Development of the Non‐Palindromic Adaptor Polymerase Chain Reaction (NPA‐PCR) for the Amplification of Alpha‐and Beta‐Chain T‐Cell Receptor cDNAs

We have developed a highly efficient new method for the amplification of α‐ and β‐chain human T‐cell receptor (TCR) cDNAs. This method is designated non‐palindromic adaptor polymerase chain reaction (NPA‐PCR). cDNA was synthesized from total RNA isolated from mono‐nuclear leucocytes, using either an oligo (dT) 15 ‐ Not 1 or a Cα‐ Not 1 or a Cβ‐ Not 1 primer and RNase H‐negative reverse transcriptase.
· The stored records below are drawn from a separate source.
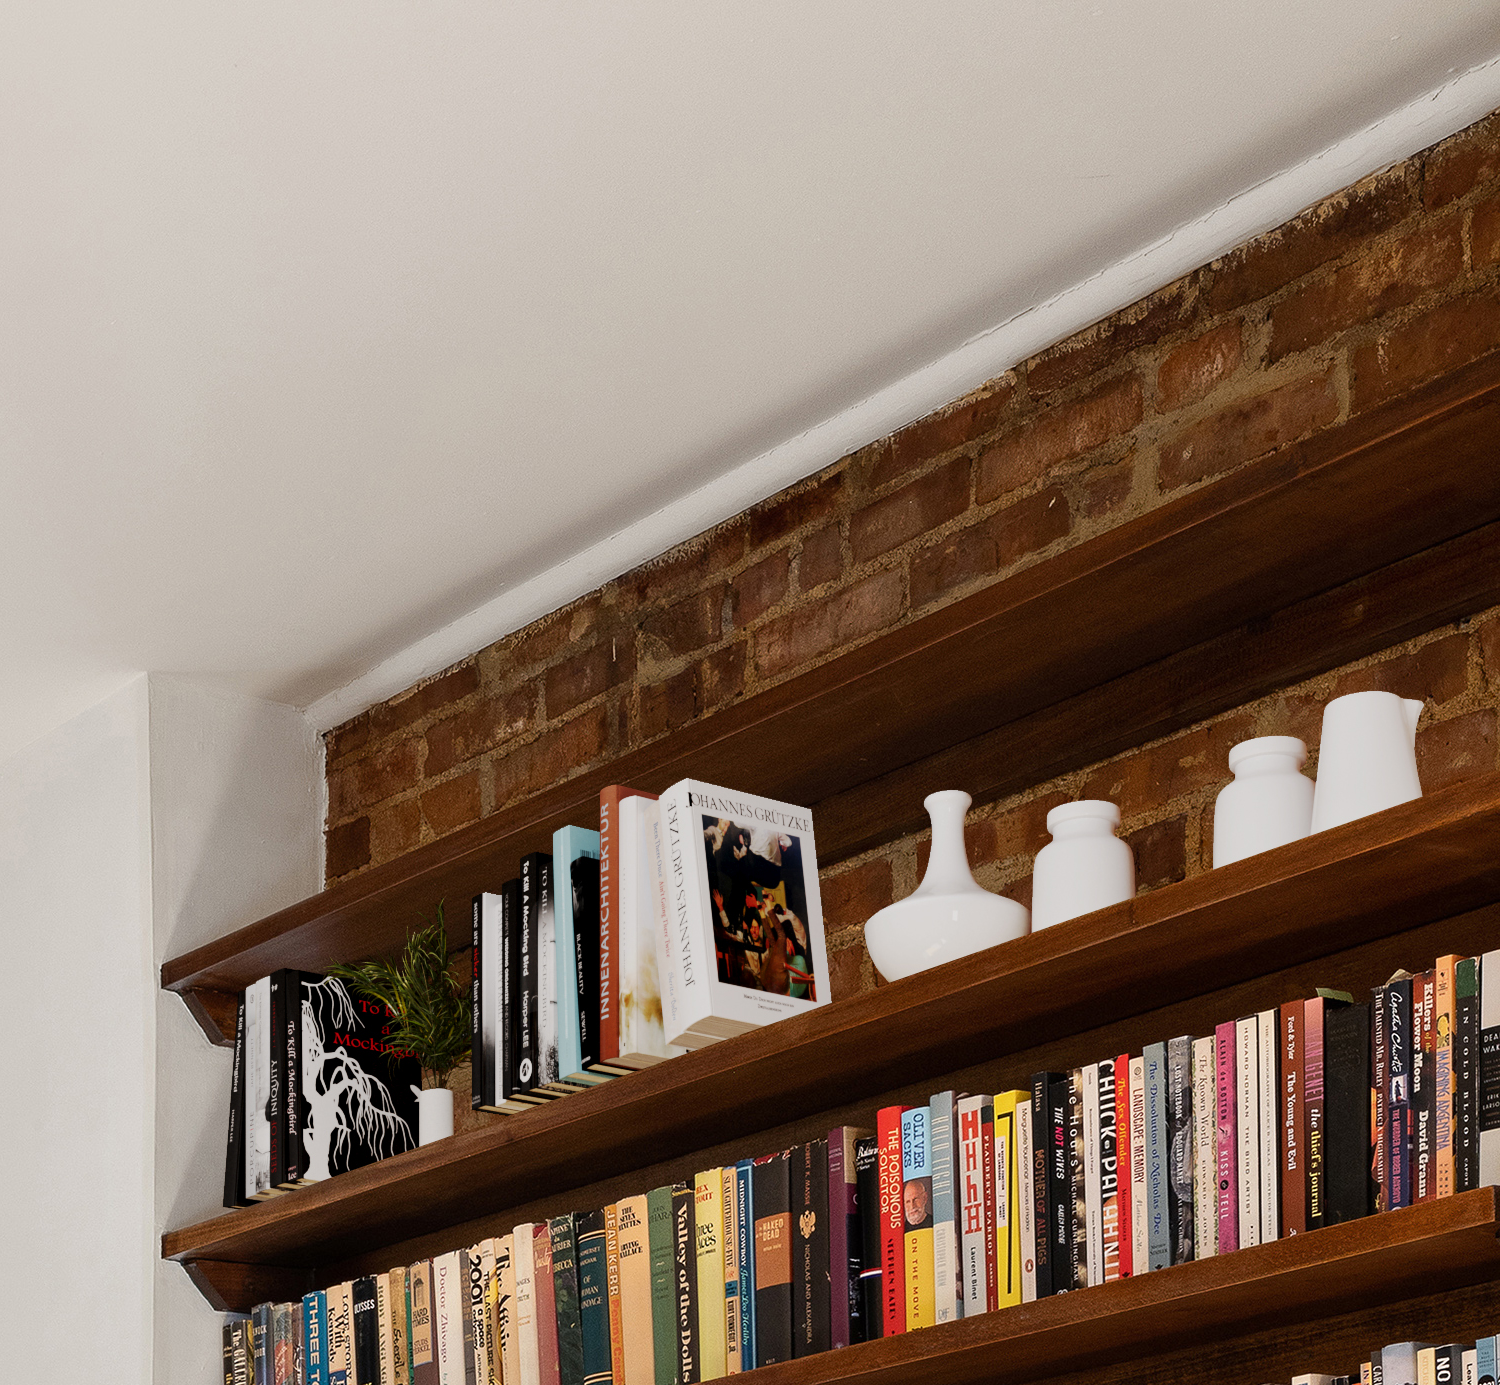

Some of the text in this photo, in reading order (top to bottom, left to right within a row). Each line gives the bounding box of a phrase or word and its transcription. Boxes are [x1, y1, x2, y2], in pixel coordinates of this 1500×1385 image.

[523, 861, 529, 873] To
[601, 803, 609, 1020] INNENARCHITEKTUR
[288, 1021, 294, 1035] To
[359, 1000, 379, 1014] To
[381, 1026, 390, 1035] a
[1424, 983, 1433, 1032] Killers
[1463, 1007, 1469, 1024] IN
[288, 1036, 296, 1058] Kill
[1414, 1003, 1423, 1092] Flower Moon
[287, 1068, 297, 1135] Mockingbird
[1286, 1071, 1297, 1171] The Young and Evil
[1310, 1108, 1320, 1130] the
[903, 1122, 912, 1168] SACKS
[913, 1113, 925, 1169] OLIVER
[1418, 1111, 1429, 1198] David Grann
[879, 1148, 890, 1214] SOLICITOR
[888, 1128, 901, 1229] THE POISONOUS
[1134, 1147, 1144, 1184] MEMORY
[1220, 1150, 1229, 1219] KISS TELL
[1310, 1170, 1322, 1218] journal
[606, 1210, 616, 1251] JEAN
[470, 1254, 483, 1305] 2001
[608, 1254, 619, 1295] KERR
[677, 1202, 691, 1384] Valley of the Dolls
[308, 1297, 320, 1367] THREE
[611, 1300, 621, 1345] Penny
[1436, 1357, 1450, 1382] NO
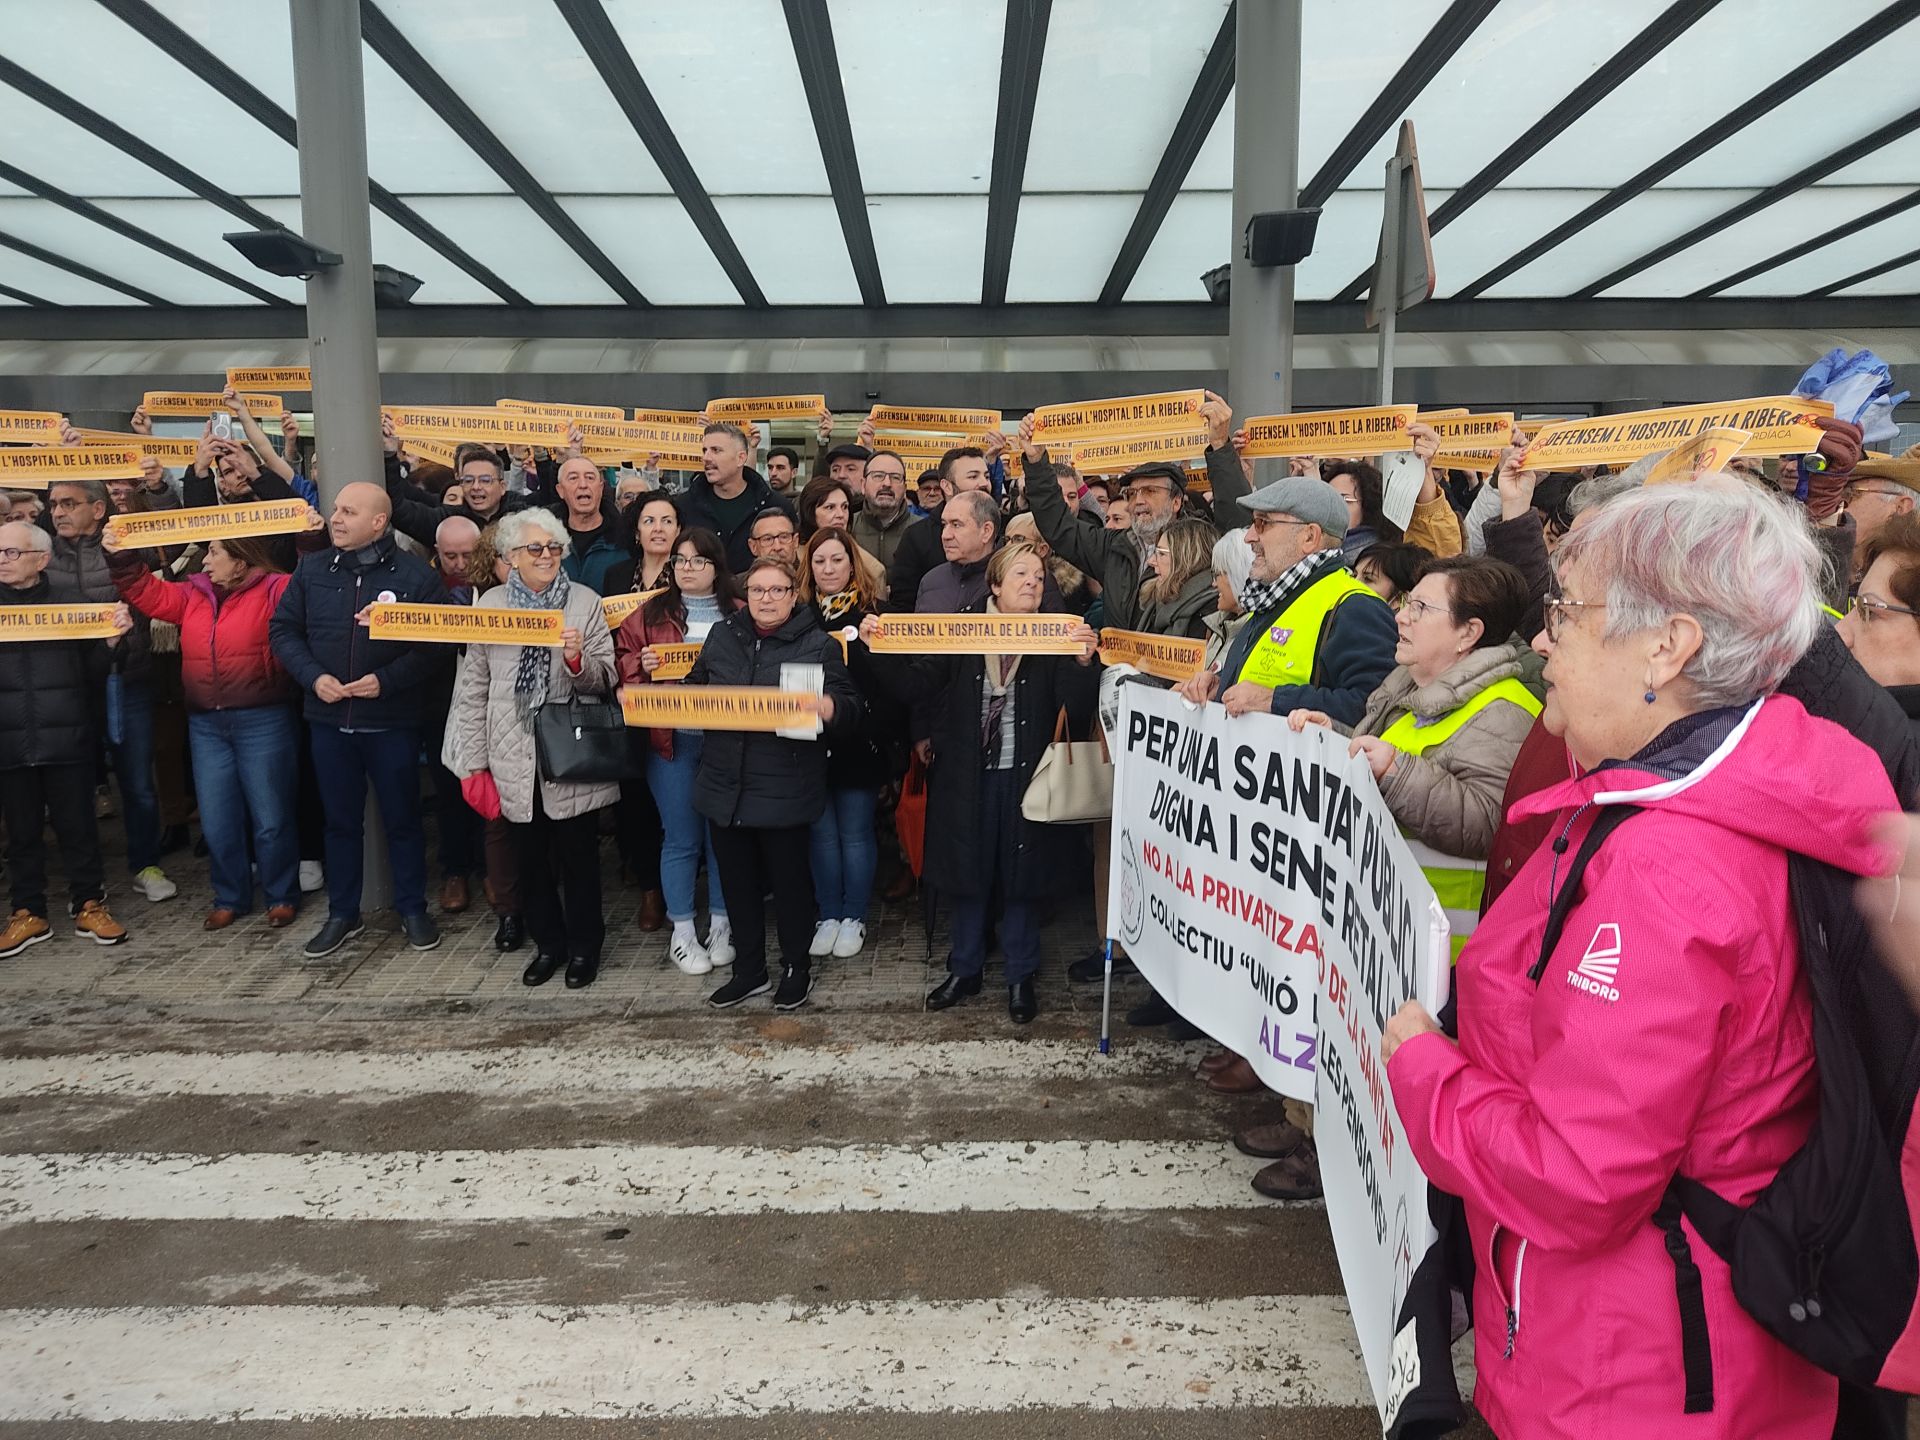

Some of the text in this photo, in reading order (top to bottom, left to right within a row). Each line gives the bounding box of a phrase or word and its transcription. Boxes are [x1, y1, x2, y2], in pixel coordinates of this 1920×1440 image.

[234, 372, 269, 382] DEFENSEM
[270, 372, 307, 381] L'HOSPITAL
[151, 397, 186, 406] DEFENSEM
[188, 398, 228, 407] L'HOSPITA
[249, 399, 273, 408] RIBERA
[712, 403, 741, 412] DEFENSEM
[742, 402, 775, 411] L'HOSPITAL
[776, 401, 784, 410] DE
[785, 401, 794, 409] LA
[794, 400, 815, 409] RIBERA
[538, 407, 573, 417] L'HOSPITAL
[584, 410, 592, 418] LA
[593, 411, 616, 420] RIBERA
[642, 414, 698, 424] DEFENSEM L'HOSPIT
[876, 411, 992, 425] DEFENSEM L'HOSPITAL DE LA RIBERA
[1043, 401, 1190, 428] DEFENSEM L'HOSPITAL DE LA RIBERA
[0, 418, 48, 430] LA RIBERA
[404, 414, 450, 426] DEFENSEM
[452, 416, 501, 431] L'HOSPITAL
[504, 419, 514, 431] DE
[516, 420, 527, 432] LA
[529, 421, 559, 434] RIBERA
[1250, 416, 1398, 441] DEFENSEM L'HOSPITAL DE LA RIBERA
[1433, 421, 1499, 437] DE LA RIBERA
[1546, 427, 1616, 446] DEFENSEM
[1614, 418, 1694, 442] L'HOSPITAL
[1696, 415, 1720, 435] DE
[1740, 408, 1803, 430] RIBERA
[578, 424, 616, 436] DEFENSEM
[617, 428, 658, 440] L'HOSPITAL
[660, 431, 670, 441] DE
[671, 432, 681, 442] LA
[683, 432, 704, 443] RIBER
[142, 444, 194, 456] HOSPITAL DE
[873, 438, 892, 446] ENSEM
[892, 438, 922, 448] L'HOSPITAL
[923, 439, 931, 448] DE
[931, 440, 939, 448] LA
[1083, 445, 1120, 458] DEFENSEM
[1121, 440, 1163, 454] L'HOSPITAL
[1164, 438, 1174, 449] DE
[1176, 437, 1185, 447] LA
[1187, 433, 1209, 446] RIBER
[1539, 448, 1552, 456] NO
[1553, 448, 1563, 456] AL
[1565, 445, 1617, 455] TANCAMENT
[1617, 444, 1630, 452] DE
[1644, 440, 1676, 449] UNITAT
[1749, 429, 1792, 441] RDÍACA
[2, 453, 129, 468] L'HOSPITAL DE LA RIBERA
[1463, 449, 1493, 460] RIBERA
[126, 518, 176, 534] DEFENSEM
[178, 513, 232, 529] L'HOSPITAL
[235, 512, 246, 523] DE
[249, 510, 261, 522] LA
[263, 507, 297, 520] RIBERA
[0, 611, 105, 626] PITAL DE LA RIBERA
[383, 610, 431, 625] DEFENSEM
[433, 613, 486, 628] L'HOSPITAL
[489, 616, 501, 628] DE
[503, 616, 513, 628] LA
[517, 617, 550, 630] RIBERA
[883, 622, 1068, 637] DEFENSEM L'HOSPITAL DE LA RIBERA
[664, 650, 700, 664] DEFENS
[1157, 645, 1164, 660] DE
[1165, 646, 1172, 661] LA
[1173, 647, 1196, 665] RIBERA
[1127, 710, 1418, 1003] PER UNA SANTAT PÚBLICA
[1149, 779, 1219, 854] DIGNA
[1230, 813, 1238, 862] I
[1250, 822, 1337, 929] SENE
[1341, 880, 1397, 1036] RETALL
[1566, 969, 1620, 1002] TRIBORD
[1150, 893, 1234, 972] COL·LECTIU
[1240, 952, 1299, 1015] “UNIÓ
[1320, 1029, 1342, 1096] LES
[1143, 839, 1395, 1179] NO A LA PRIVATIZAÓ DE LA SANITAT
The double‐stranded cDNA was ligated with the non‐palindromic adaptors EcoRI‐Xmn I [d(ATTCGAACCCCTTCG)] and Xmn I G strand [d(pCGAAGGGGTTCG)] (phosphorylated), which resulted in the addition of the EcoR I‐ Xmn I site in both 5′ and 3′ ends. These two non‐palindromic adaptors, EcoR I‐ Xmn I and Xmn I G strand, are complementary to each other and both are required for ligation. The EcoRI‐Xmn I adaptor was removed from the 3′ end by treatment with Not I restriction nuclease, whereas it was retained al the 5′end. The non‐palindromic adaptor EcoR I‐ Xmn I was used as the 5′ amplitication primer. Cα or Cβ constant region primers were used as 3′ amplification primers. The amplified cDNAs were cloned and the plasmids were used to transform DH5α competent cells. Over 1000 white colonies per 0.1–0.25 μg of total RNA or per 10,000 to 50,000 human peripheral blood mononuclear cells were obtained after amplification of either the α‐ or the β‐chain TCR cDNAs. Between 40 and 62% of the colonies (range from live donors) were positive after screening with either a Cα or a Cβ probe, located 5′ to the Cα and Cβ amplification primers. A total of 50 amplified α‐ or β‐chain cDNA positive clones from two normal donors were randomly chosen and sequenced, and the sequences obtained were typical of αβ TCR. Two new Jα gene segments were identified. Approximately 30% of the α‐chain positive clones have 5′ untranslated region, and most of the remaining α‐ or β‐chain TCR clones started from the initiation codon or near the 5′ end. NPA‐PCR has several advantages over existing PCR methods for the amplification of cDNAs with unknown or variable 5′ end, such as the T‐cell antigen receptors and the immunoglobulins. Among these advantages is that only one 5′ end extension primer is required. Because of the large number of TCR Vα and Vβ families, a large number of different 5′ end primers are required for amplification of αβ TCR cDNAs by conventional PCR.